Il ferito, poi identificato in un cittadino di origini marocchine di anni 23, si presentava con una ferita d’arma da taglio di circa 3 cm all’altezza della scapola sinistra. L’uomo veniva trasportato presso il nosocomio di Baggiovara dove veniva refertato con una prognosi di 30 giorni.
Le preliminari ed immediate attività d’indagine, seguendo le tracce ematiche presenti in terra, hanno permesso di raggiungere un appartamento sito in zona, dove all’interno venivano identificati l’indagato e la sua compagna.
Con la collaborazione del personale della Polizia Scientifica di Modena si aveva modo di notare la presenza di tracce ematiche all’interno della cucina, nonché una spugna ed un fazzoletto ancora intrisi di sangue.

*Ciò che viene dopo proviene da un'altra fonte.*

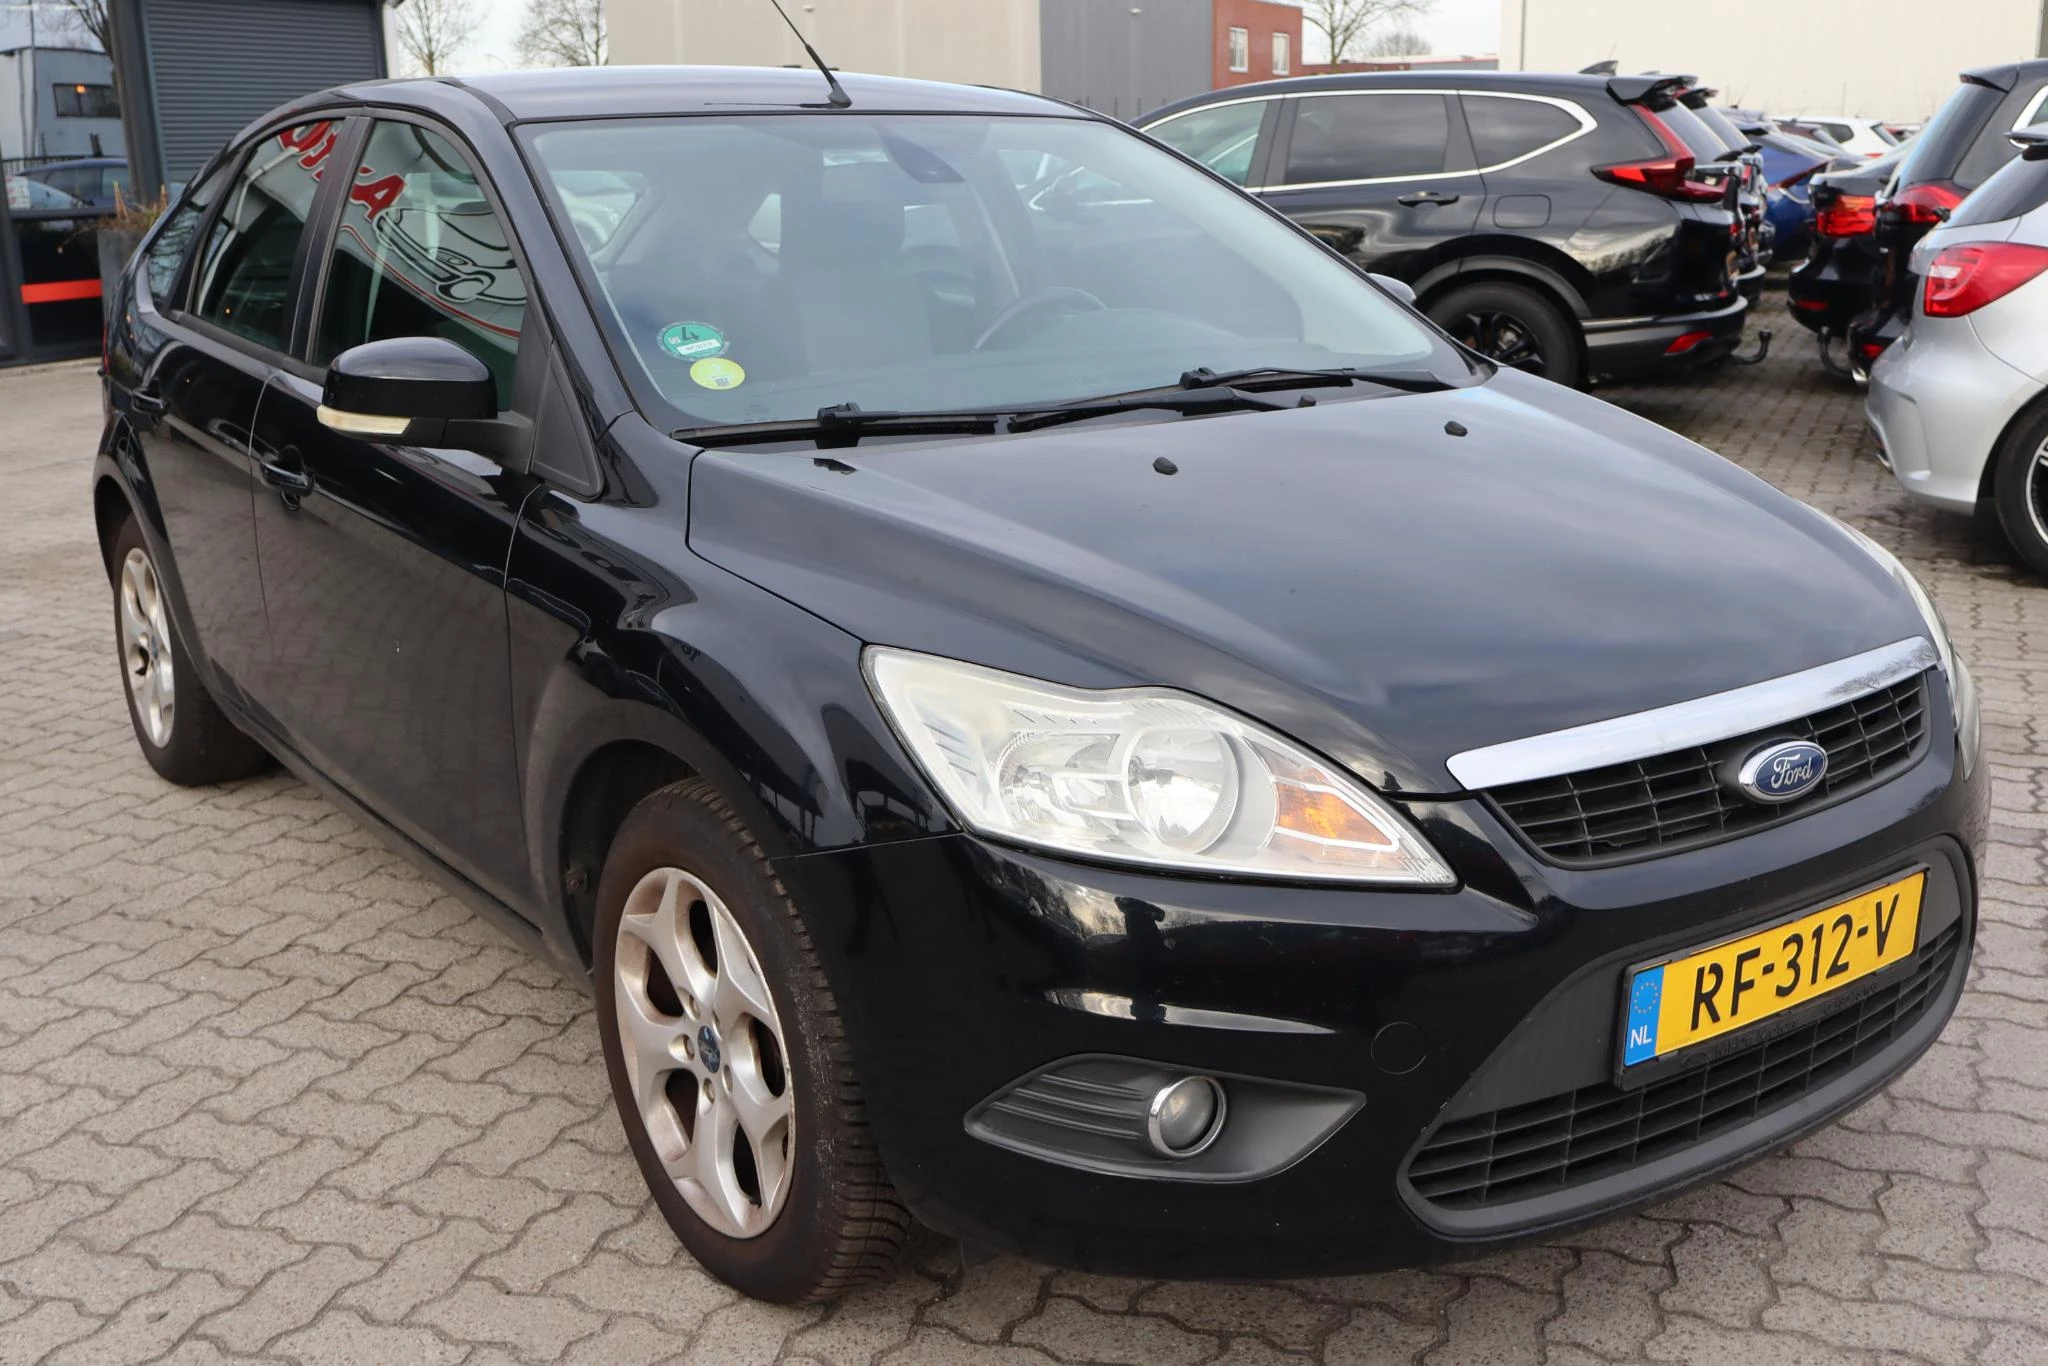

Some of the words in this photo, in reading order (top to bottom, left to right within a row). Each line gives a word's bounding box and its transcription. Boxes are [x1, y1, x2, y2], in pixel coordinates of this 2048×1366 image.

[681, 326, 699, 341] 4
[1771, 753, 1814, 789] Ford
[1690, 893, 1900, 1031] RF-312-V
[1630, 1024, 1653, 1049] NL

La contestuale perquisizione domiciliare consentiva di rinvenire un grosso coltello da cucina sporco di sangue nascosto all’interno di un armadio della camera da letto e verosimilmente utilizzato per attingere la vittima.

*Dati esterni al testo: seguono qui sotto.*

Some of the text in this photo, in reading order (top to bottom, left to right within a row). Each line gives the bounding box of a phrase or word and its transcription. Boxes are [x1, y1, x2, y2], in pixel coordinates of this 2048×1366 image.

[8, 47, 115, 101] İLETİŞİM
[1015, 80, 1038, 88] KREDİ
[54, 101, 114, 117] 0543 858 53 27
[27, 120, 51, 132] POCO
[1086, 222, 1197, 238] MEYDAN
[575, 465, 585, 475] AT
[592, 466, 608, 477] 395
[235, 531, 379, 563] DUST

Quest’ultima, sentita dai poliziotti della Squadra Mobile, individuava il suo aggressore. Durante le fasi di accompagnamento in Questura dell’indagato, quest’ultimo si scagliava contro un poliziotto morsicandolo all’avambraccio ed alla mano, procurargli lesioni attualmente giudicate guaribili in 21 giorni. L’uomo, che era già sottoposto per altra causa alla misura degli arresti domiciliari, veniva tratto in arresto ed associato alla casa circondariale di Modena in attesa della udienza di convalida.